• ACTIVITY: Your answer must be an exact copy of the data below, minus any pictures.

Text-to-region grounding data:
==============================

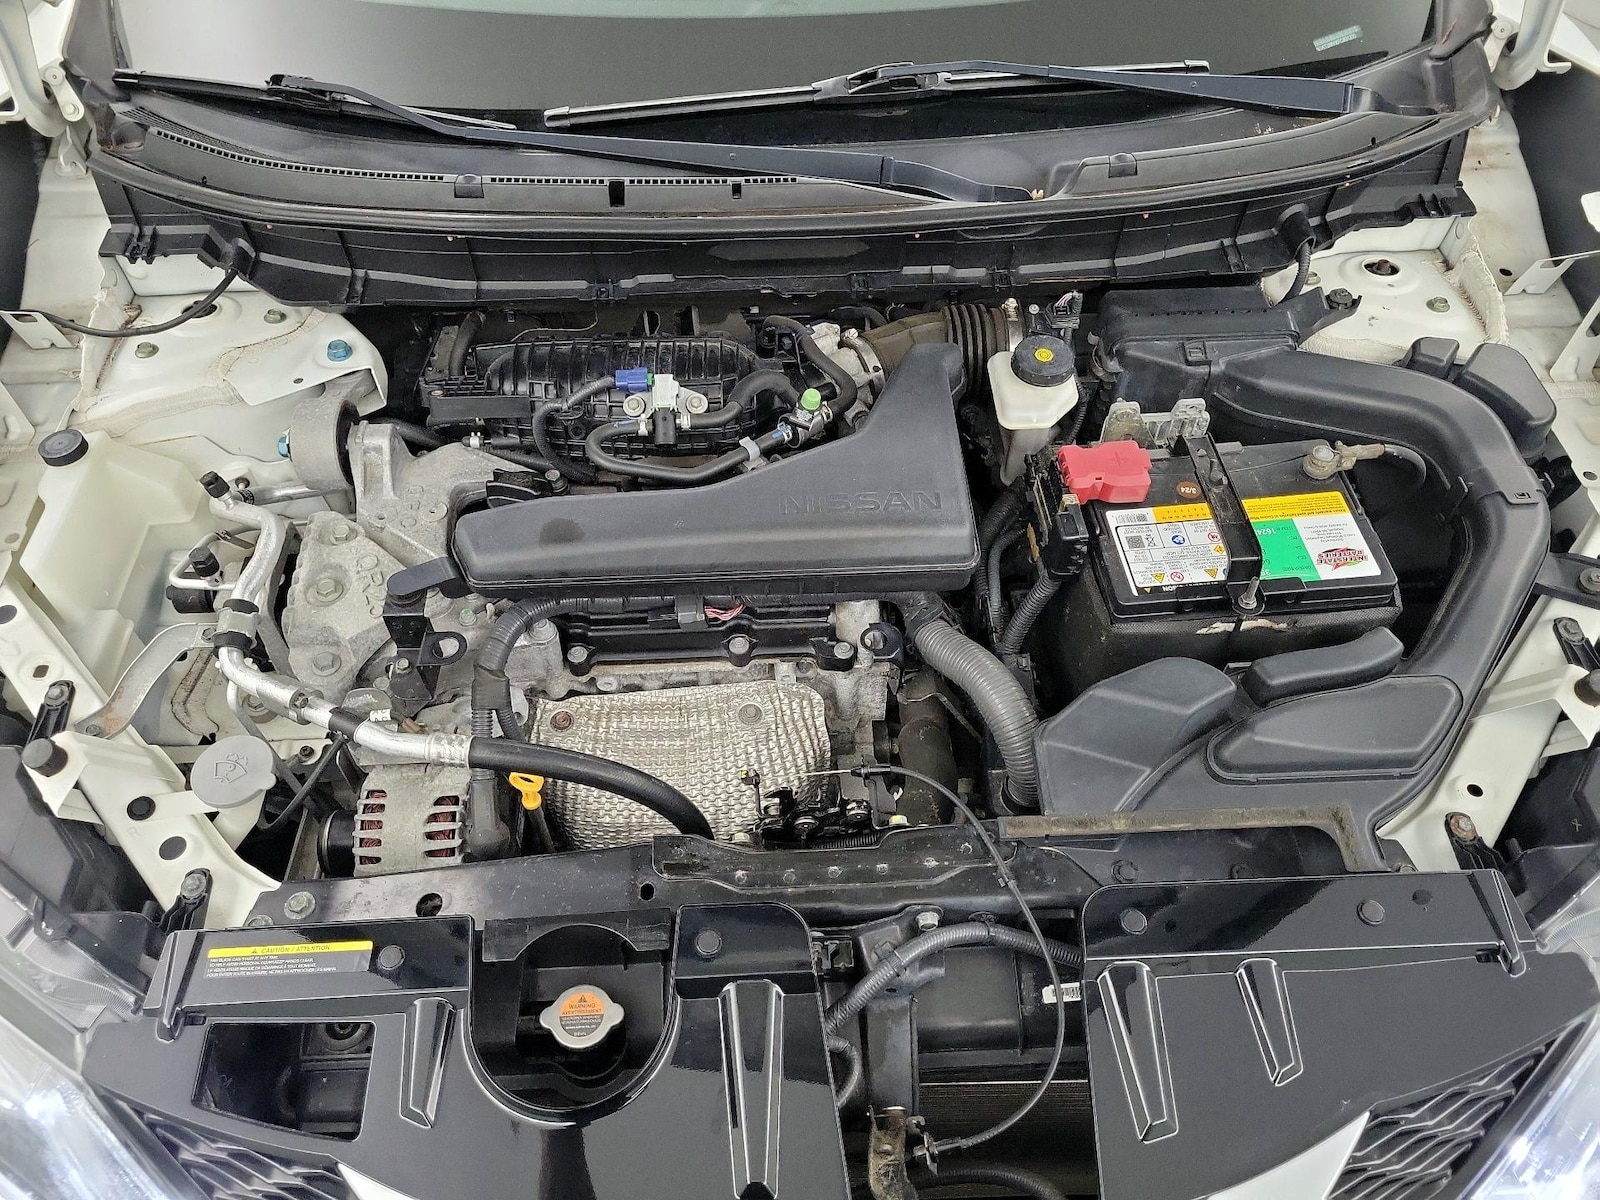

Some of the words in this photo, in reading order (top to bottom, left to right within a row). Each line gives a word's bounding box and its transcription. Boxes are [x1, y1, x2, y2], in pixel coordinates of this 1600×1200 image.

[1180, 486, 1197, 494] 3/24
[778, 490, 943, 514] NISSAN
[1317, 549, 1364, 559] BATTERIES
[1316, 555, 1368, 566] INTERSTATE
[296, 944, 331, 952] ATTENTION
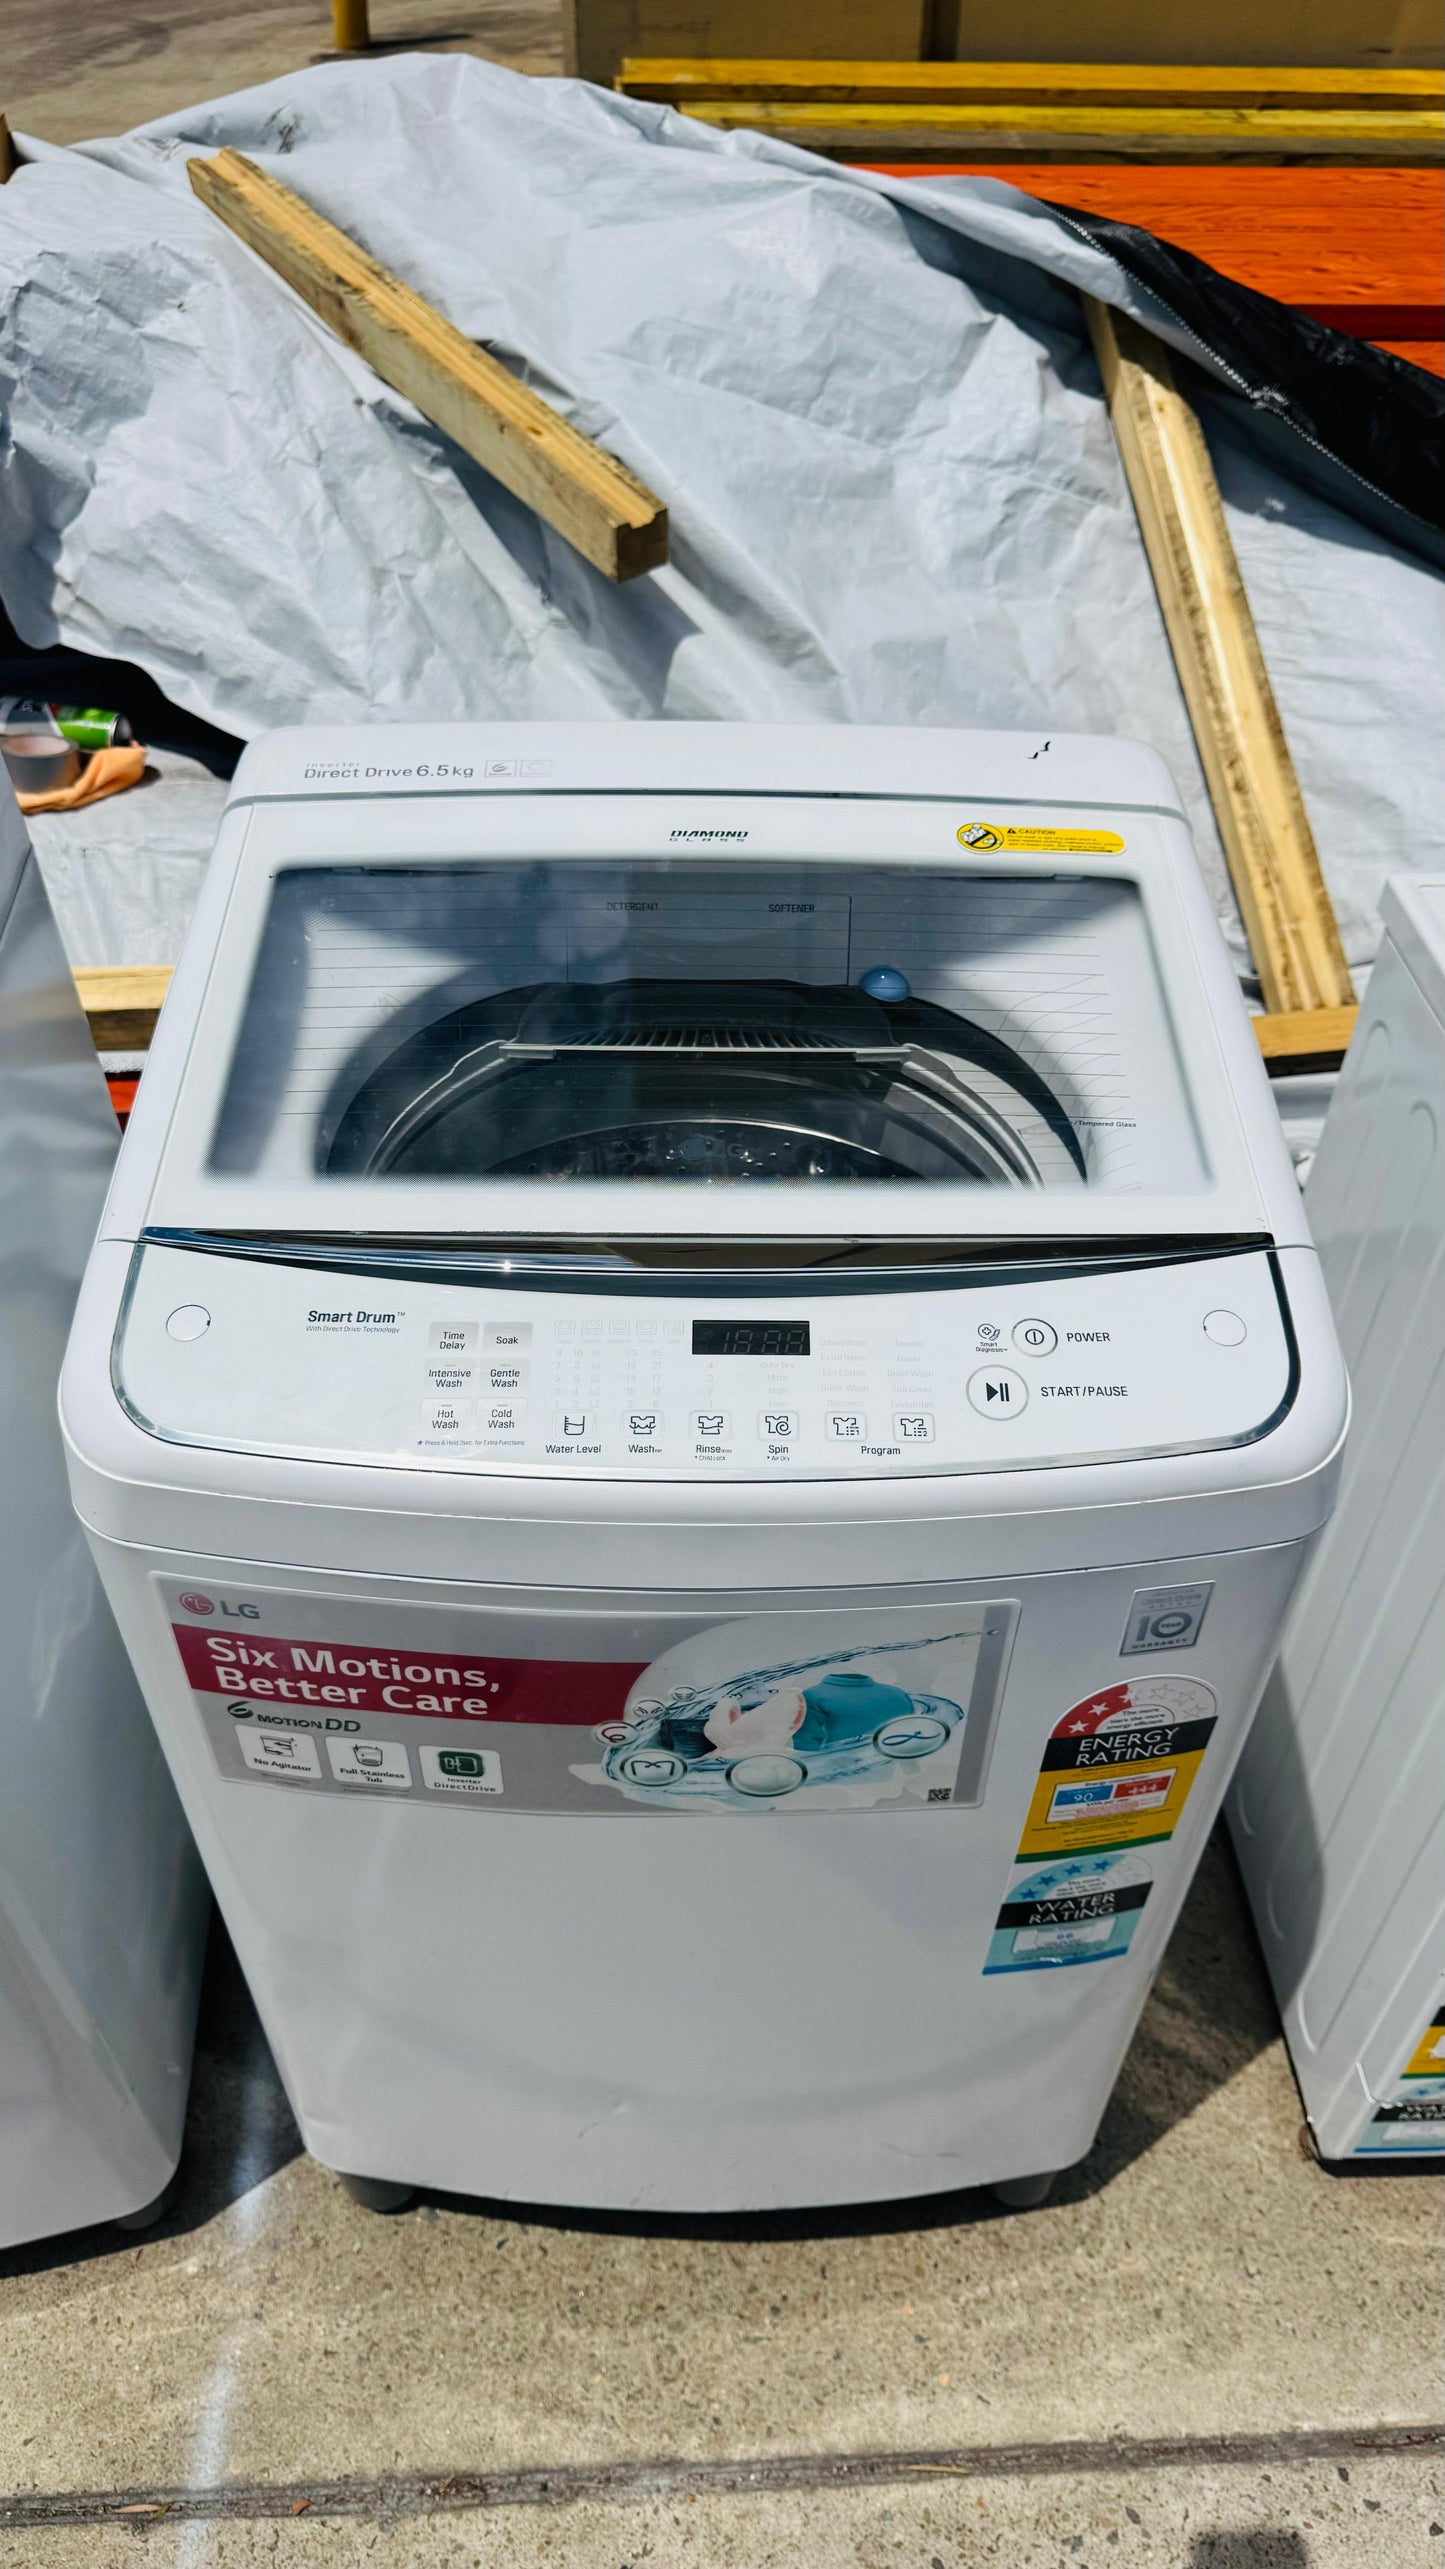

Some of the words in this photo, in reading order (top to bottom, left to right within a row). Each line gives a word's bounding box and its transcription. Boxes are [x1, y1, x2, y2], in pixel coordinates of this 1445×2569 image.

[304, 767, 360, 779] Direct
[365, 766, 412, 778] Drive
[670, 830, 749, 838] DIAMOND
[606, 901, 659, 911] DETERGENT
[767, 902, 816, 913] SOFTENER
[1115, 1120, 1137, 1128] Glass
[307, 1310, 353, 1323] Smart
[442, 1331, 465, 1340] Time
[495, 1336, 519, 1345] Soak
[1066, 1332, 1111, 1342] POWER
[439, 1341, 466, 1350] Delay
[428, 1368, 472, 1378] Intensive
[490, 1368, 521, 1378] Gentle
[435, 1379, 463, 1388] Wash
[491, 1379, 518, 1388] Wash
[1040, 1386, 1129, 1397] START/PAUSE
[437, 1409, 454, 1418] Hot
[491, 1409, 513, 1418] Cold
[431, 1419, 459, 1429] Wash
[488, 1419, 515, 1429] Wash
[545, 1444, 574, 1453] Water
[576, 1444, 601, 1453] Level
[768, 1444, 789, 1455] Spin
[861, 1445, 901, 1456] Program
[221, 1600, 261, 1619] LG
[206, 1636, 280, 1669] Six
[290, 1646, 501, 1694] Motions,
[215, 1665, 367, 1705] Better
[381, 1683, 488, 1716] Care
[1079, 1726, 1180, 1751] ENERGY
[1075, 1742, 1173, 1766] RATING
[253, 1757, 269, 1765] No
[271, 1760, 312, 1771] Agitator
[340, 1767, 358, 1775] Full
[361, 1768, 405, 1779] Stainless
[1036, 1892, 1116, 1913] WATER
[1029, 1905, 1115, 1925] RATING
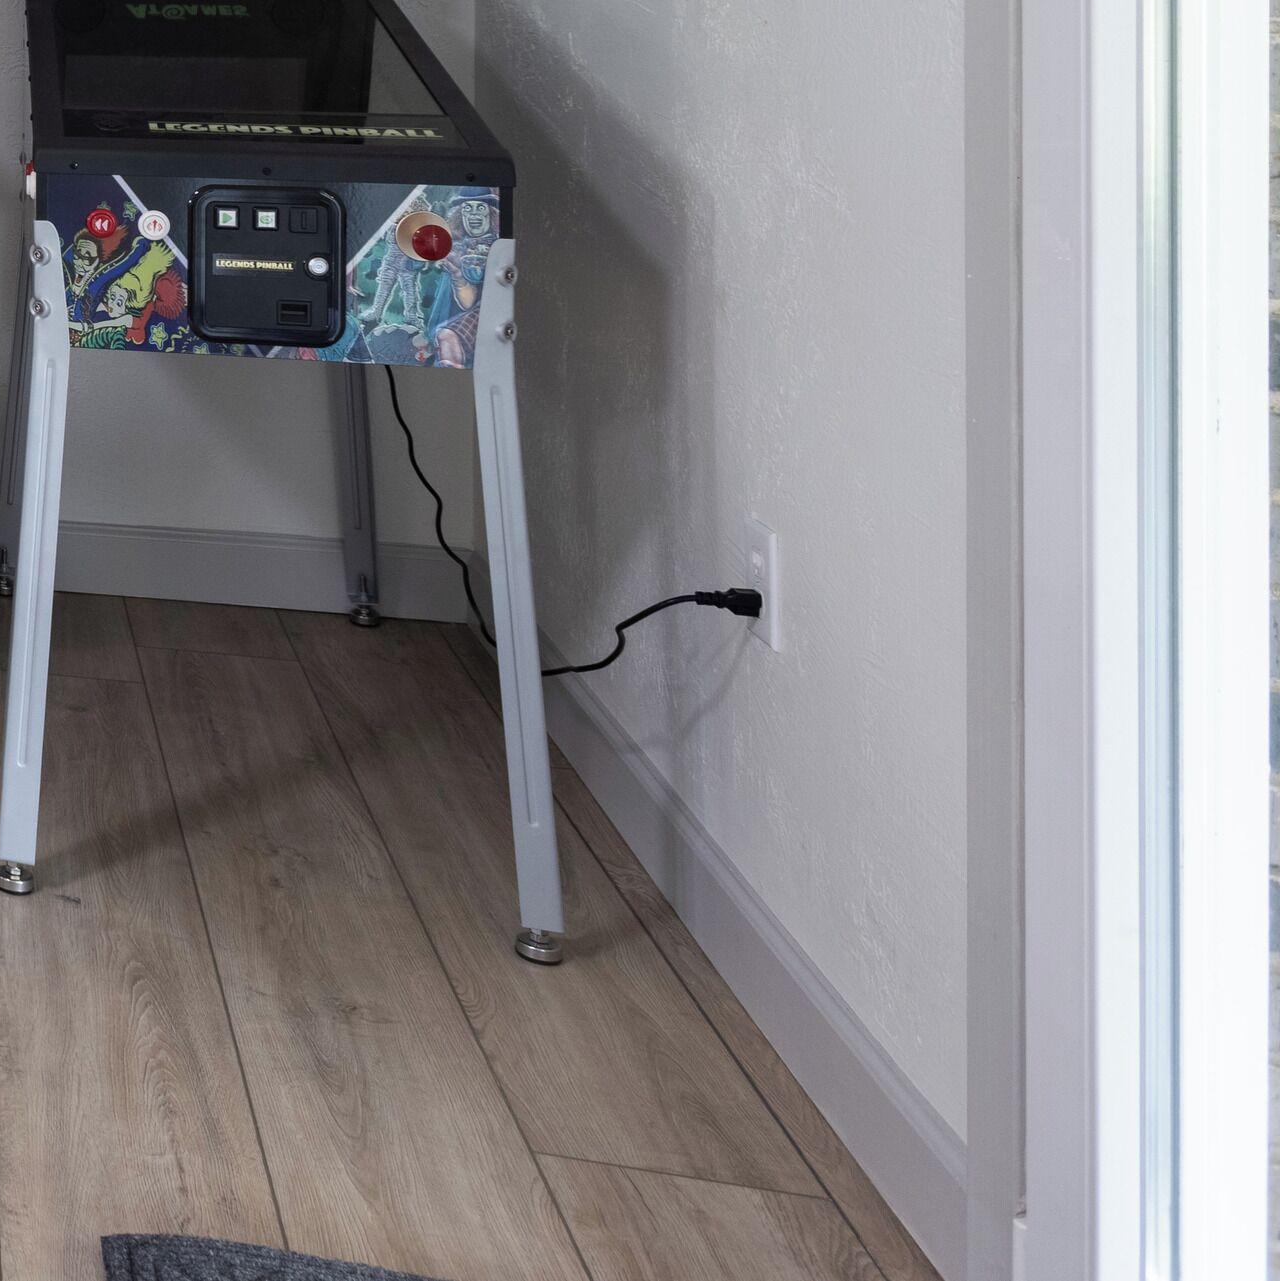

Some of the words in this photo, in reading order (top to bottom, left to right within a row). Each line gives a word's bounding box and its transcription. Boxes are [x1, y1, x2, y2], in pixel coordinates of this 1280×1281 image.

[148, 122, 293, 135] LEGENDS
[299, 125, 444, 138] PINBALL
[216, 260, 255, 269] LEGENDS
[256, 262, 294, 271] PINBALL

==============================

• TASK ANSWER:
Some of the words in this photo, in reading order (top to bottom, left to right within a row). Each line gives a word's bounding box and its transcription. Boxes are [x1, y1, x2, y2], in pixel coordinates of this 1600×1200 image.

[1180, 486, 1197, 494] 3/24
[778, 490, 943, 514] NISSAN
[1317, 549, 1364, 559] BATTERIES
[1316, 555, 1368, 566] INTERSTATE
[296, 944, 331, 952] ATTENTION

Some of the words in this photo, in reading order (top to bottom, left to right within a row). Each line gives a word's bounding box and its transcription. Boxes are [x1, y1, x2, y2], in pixel coordinates of this 1445×2569 image.

[304, 767, 360, 779] Direct
[365, 766, 412, 778] Drive
[670, 830, 749, 838] DIAMOND
[606, 901, 659, 911] DETERGENT
[767, 902, 816, 913] SOFTENER
[1115, 1120, 1137, 1128] Glass
[307, 1310, 353, 1323] Smart
[442, 1331, 465, 1340] Time
[495, 1336, 519, 1345] Soak
[1066, 1332, 1111, 1342] POWER
[439, 1341, 466, 1350] Delay
[428, 1368, 472, 1378] Intensive
[490, 1368, 521, 1378] Gentle
[435, 1379, 463, 1388] Wash
[491, 1379, 518, 1388] Wash
[1040, 1386, 1129, 1397] START/PAUSE
[437, 1409, 454, 1418] Hot
[491, 1409, 513, 1418] Cold
[431, 1419, 459, 1429] Wash
[488, 1419, 515, 1429] Wash
[545, 1444, 574, 1453] Water
[576, 1444, 601, 1453] Level
[768, 1444, 789, 1455] Spin
[861, 1445, 901, 1456] Program
[221, 1600, 261, 1619] LG
[206, 1636, 280, 1669] Six
[290, 1646, 501, 1694] Motions,
[215, 1665, 367, 1705] Better
[381, 1683, 488, 1716] Care
[1079, 1726, 1180, 1751] ENERGY
[1075, 1742, 1173, 1766] RATING
[253, 1757, 269, 1765] No
[271, 1760, 312, 1771] Agitator
[340, 1767, 358, 1775] Full
[361, 1768, 405, 1779] Stainless
[1036, 1892, 1116, 1913] WATER
[1029, 1905, 1115, 1925] RATING

Some of the words in this photo, in reading order (top to bottom, left to right within a row). Each line gives a word's bounding box and its transcription. Boxes are [x1, y1, x2, y2], in pixel coordinates of this 1280×1281 image.

[148, 122, 293, 135] LEGENDS
[299, 125, 444, 138] PINBALL
[216, 260, 255, 269] LEGENDS
[256, 262, 294, 271] PINBALL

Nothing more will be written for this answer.